Who doesn’t know this moment? At the end of a day, the sun crowns its sunset (which, in more detail, we actualy do the sunset and the sun stays where it is) with a phenomenally dramatic play of red, yellow and violet tones that make the heart of any romantic beat faster. But what do we actually immortalize millions of times in our photo albums and Facebook or Instagram accounts?
In general, the sky has almost the entire color palette to offer. A cloudless sky appears blue to us during the day, although behind it is the infinite blackness of space. At sunrises or sunsets red, yellow and violet are added. How does this happen, when it is always the same sun that produces the light? Sunlight is that part of the electromagnetic radiation emitted by the sun that we can see (visible light, about 780 – 380 nm). The different wavelengths correspond to different colors. The wavelength is shortest for blue light and longest for red light. Although the sun appears yellowish to us, visible light is made up of all the different wavelengths.

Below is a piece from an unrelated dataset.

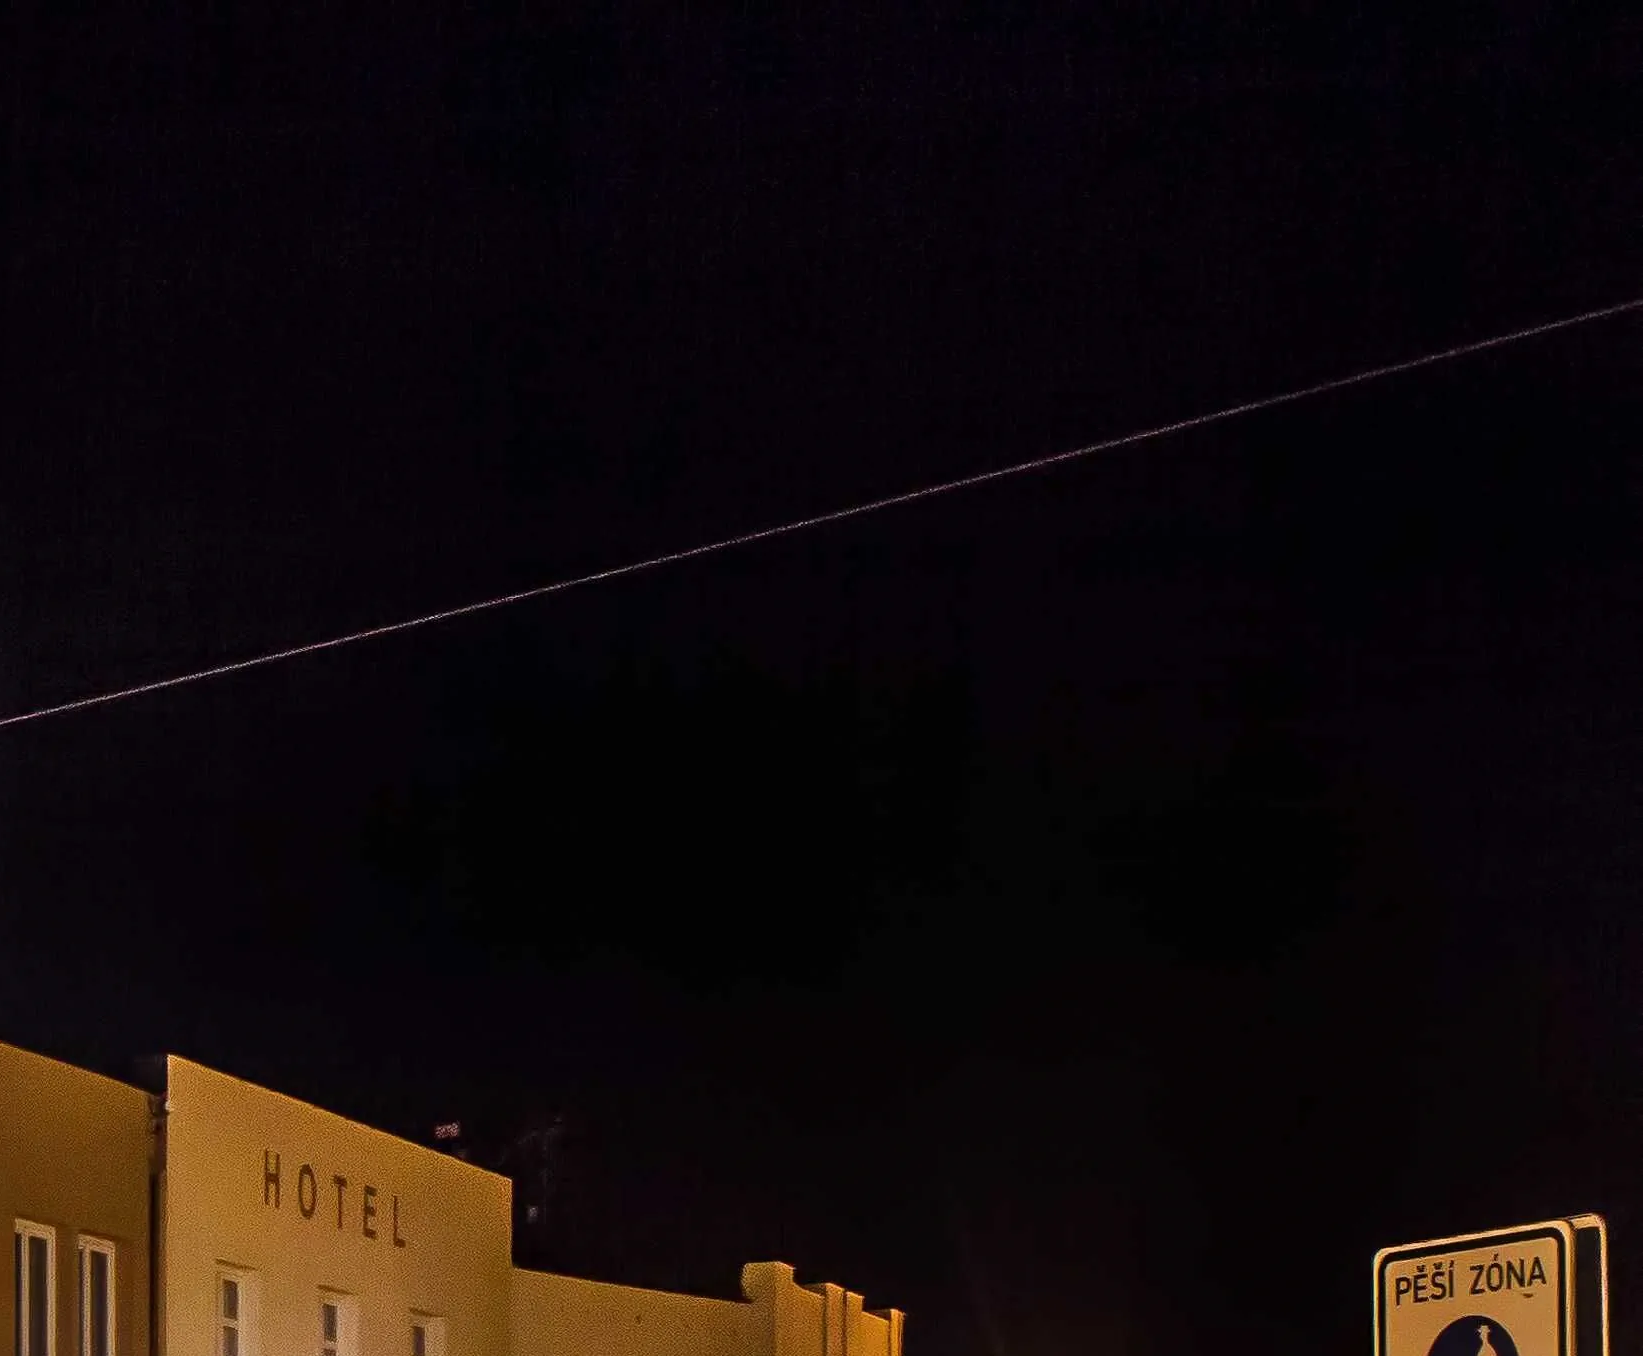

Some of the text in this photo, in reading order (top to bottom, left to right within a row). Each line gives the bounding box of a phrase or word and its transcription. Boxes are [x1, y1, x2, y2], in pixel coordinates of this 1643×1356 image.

On the path of light from the sun to the earth, light encounters resistance and obstacles. In the atmosphere, for example, it collides with gas molecules such as oxygen or nitrogen, which cause the light to be deflected, i. e. scattered. Light scattering in the atmosphere by very small particles is Rayleigh scattering. One speaks of Rayleigh scattering whenever radiation is scattered by particles that are smaller than the wavelength of the radiation. As mentioned above, the energy increases with decreasing wavelength. Blue light, with the shortest wavelengt, is therefore the most energetic. Blue light is scattered four times more than red light, because the power with which the particles re-emit the absorbed radiation is inversely proportional to the fourth power of the wavelength of this radiation.

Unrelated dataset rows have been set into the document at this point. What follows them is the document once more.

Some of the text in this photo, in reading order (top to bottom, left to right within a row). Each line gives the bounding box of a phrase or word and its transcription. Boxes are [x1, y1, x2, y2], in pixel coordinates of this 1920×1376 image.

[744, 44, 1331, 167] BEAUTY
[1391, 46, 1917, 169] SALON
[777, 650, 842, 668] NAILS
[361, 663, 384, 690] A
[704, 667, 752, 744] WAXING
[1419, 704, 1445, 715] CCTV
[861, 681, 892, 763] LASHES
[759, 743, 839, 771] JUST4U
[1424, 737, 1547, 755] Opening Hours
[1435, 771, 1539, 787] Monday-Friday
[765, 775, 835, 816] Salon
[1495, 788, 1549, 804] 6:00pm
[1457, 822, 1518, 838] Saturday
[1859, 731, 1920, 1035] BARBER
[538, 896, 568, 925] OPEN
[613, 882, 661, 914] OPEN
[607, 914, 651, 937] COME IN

For those who want to know exactly:
Through the action of the light of a certain wavelength, a force is exerted on the charge of the molecule and its dipole, which thereby becomes vibrating. The vibration corresponds to the frequency of the charge. As a result, the molecule begins to periodically reverse its polarity and thus becomes a kind of mini-transmitter. The radiated power is proportional to the square of the dipole torque and to the fourth power of the vibration frequency. At small wavelengths much more radiation occurs, as the ratio of the dipole size to the wavelength is more favorable. As mentioned above, blue light is therefore four times more scattered than red light. This can also be illustrated by the following considerations. If you dip your hand into a bowl of water and move it quickly and evenly back and forth, many small waves are formed that spread in almost all directions. However, if you move your hand very slowly, there are longer waves that are hardly visible.
During the day, when the distance between the sun and the earth is smaller and less distance has to be covered, a lot of blue light is scattered. It is deflected in all directions. With this scattered radiation, the proportion of blue light clearly predominates and makes the sky look blue. The sun appears yellow to the viewer due to the lack of blue. Where in space, as for example on the moon, no dense atmosphere exists and thus hardly any Rayleigh scattering can take place, the sky also appears black during the day and the sun white (due to the superposition of the spectral colors).

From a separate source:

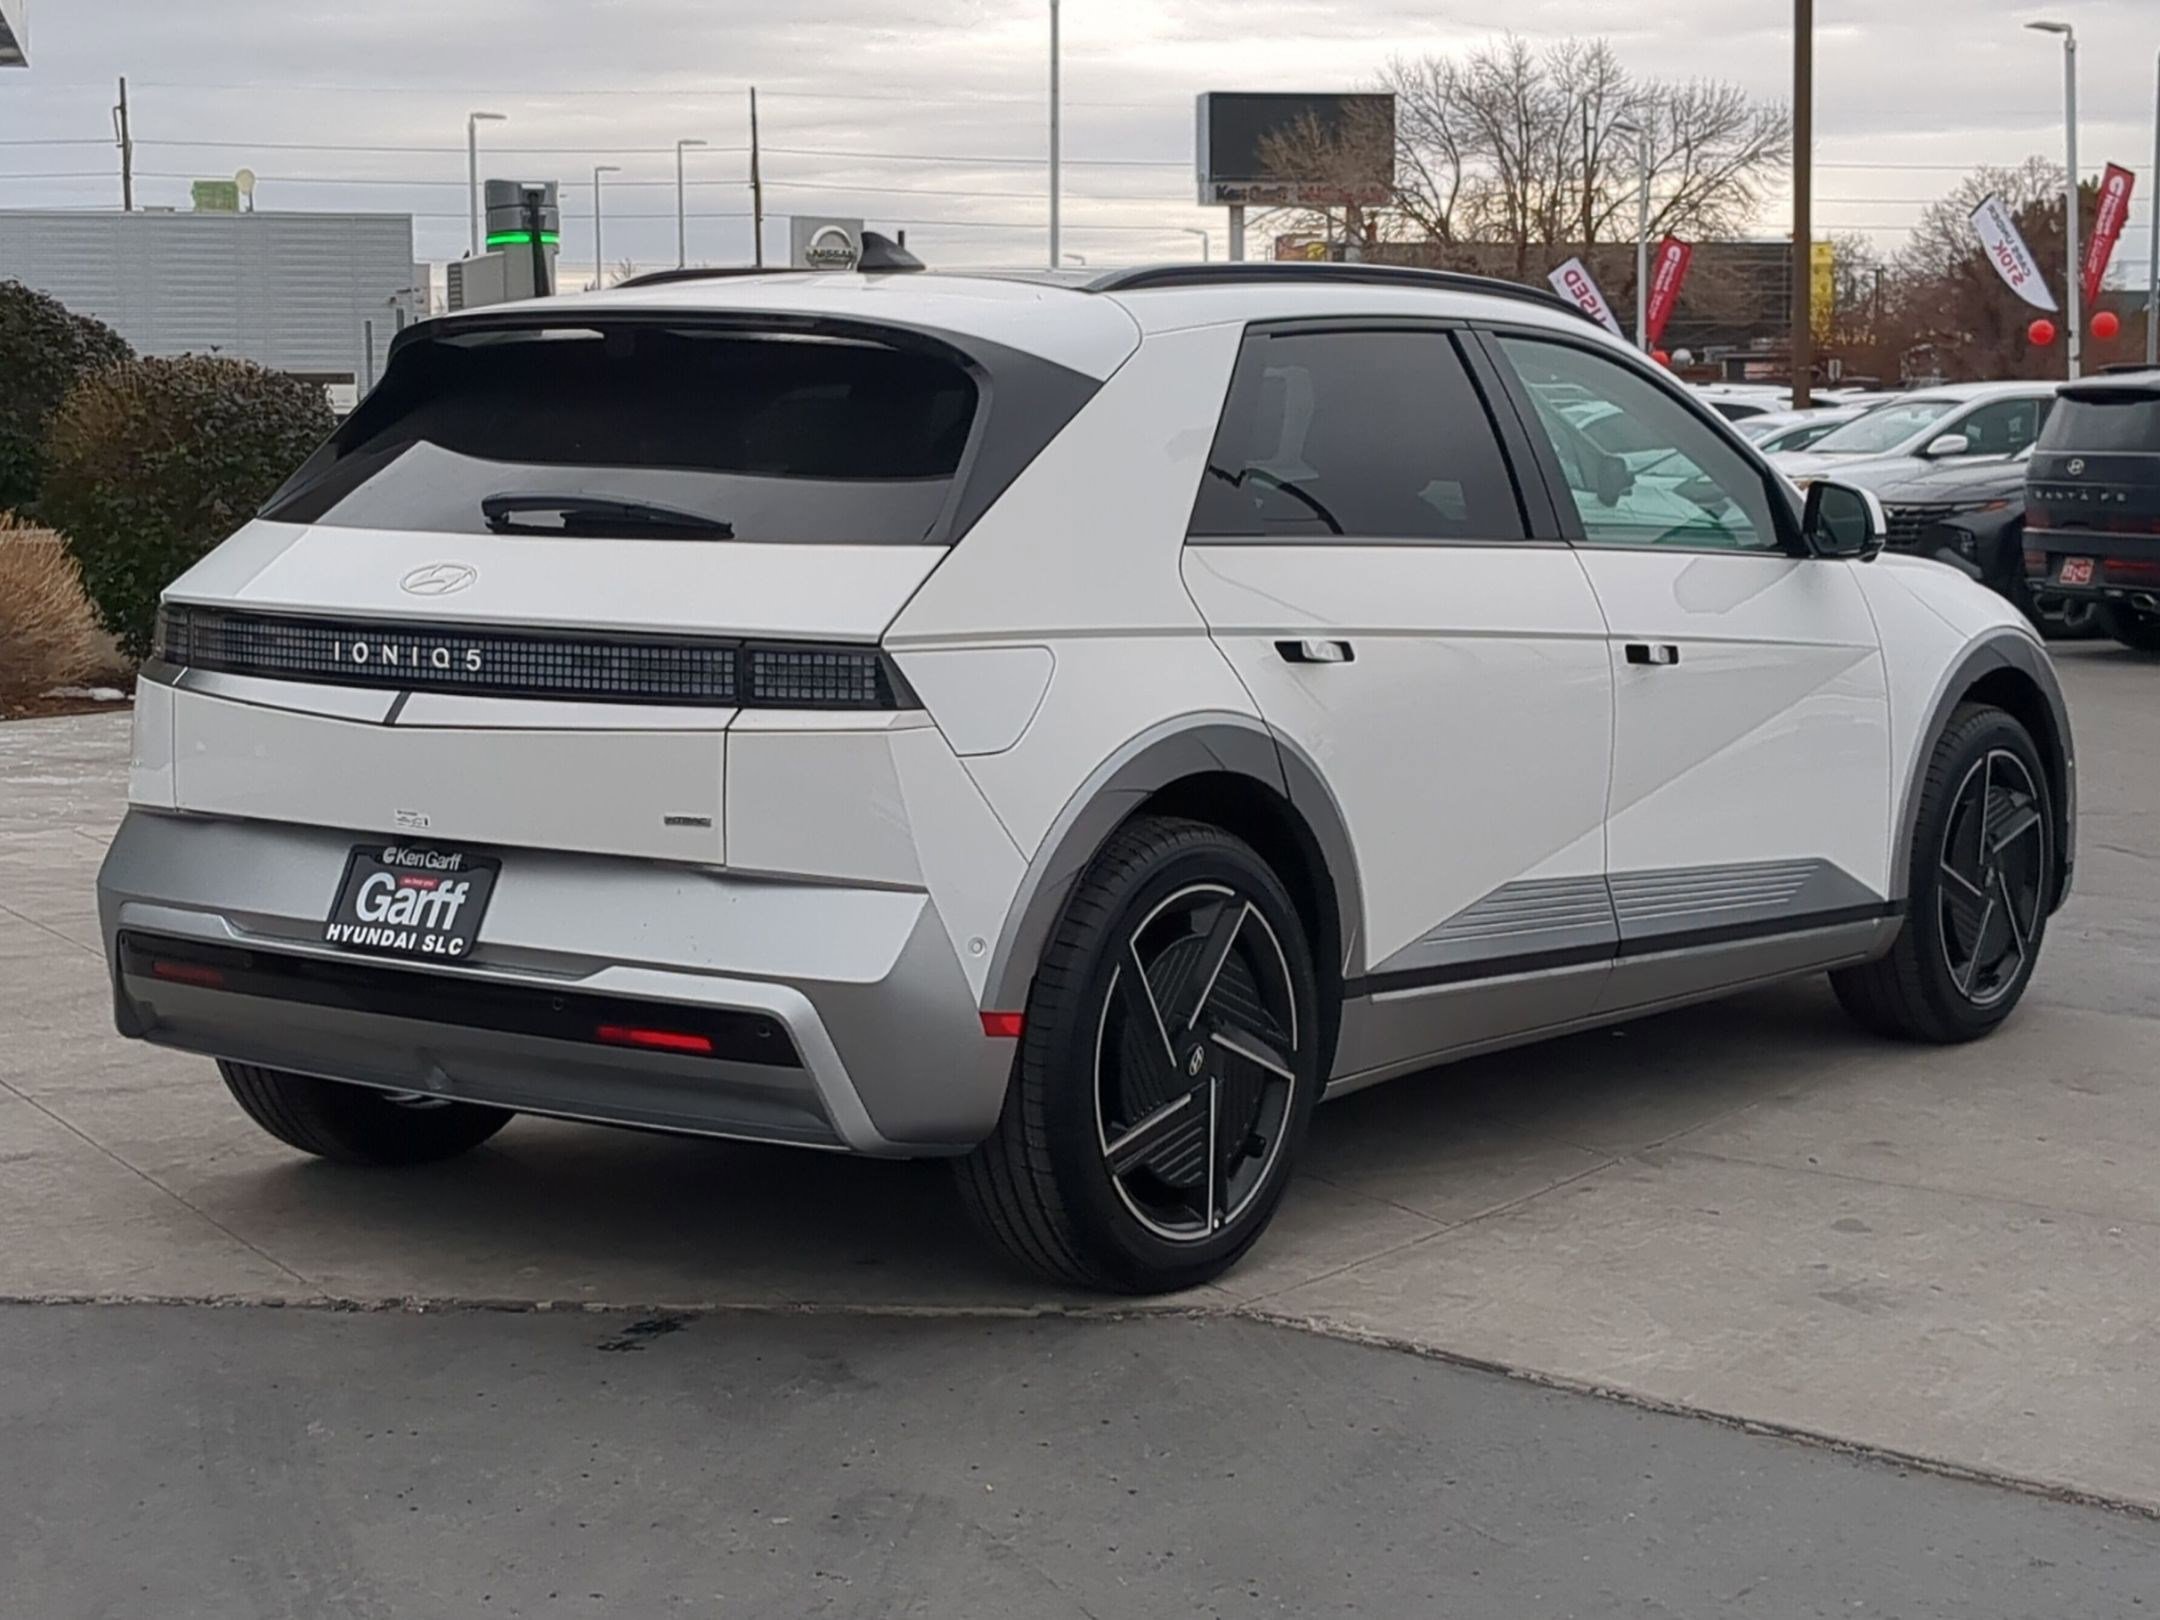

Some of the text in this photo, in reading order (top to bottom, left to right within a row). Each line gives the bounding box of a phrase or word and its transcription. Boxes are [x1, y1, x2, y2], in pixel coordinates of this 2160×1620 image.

[333, 640, 482, 672] IONIQ 5
[396, 848, 463, 871] Ken Garff
[355, 872, 470, 931] Garff
[325, 923, 464, 956] HYUNDAI SLC

In the morning or in the evening, however, the path of light through the atmosphere is much longer. This means that the light hits many more scattering particles. As a result, a large part of the blue light is scattered away, it is intercepted by the molecules, so to speak, and no longer reaches the eye of the observer. This leaves mainly light with long wavelengths. This makes the sun and the sky appear red, yellow or purple. This effect is further enhanced by various particles in the air (haze, aerosols and dust). Many of these particles are contaminants. One of the reasons for romantic sunsets is therefore nothing more than dirt particles scattering away short-wave light.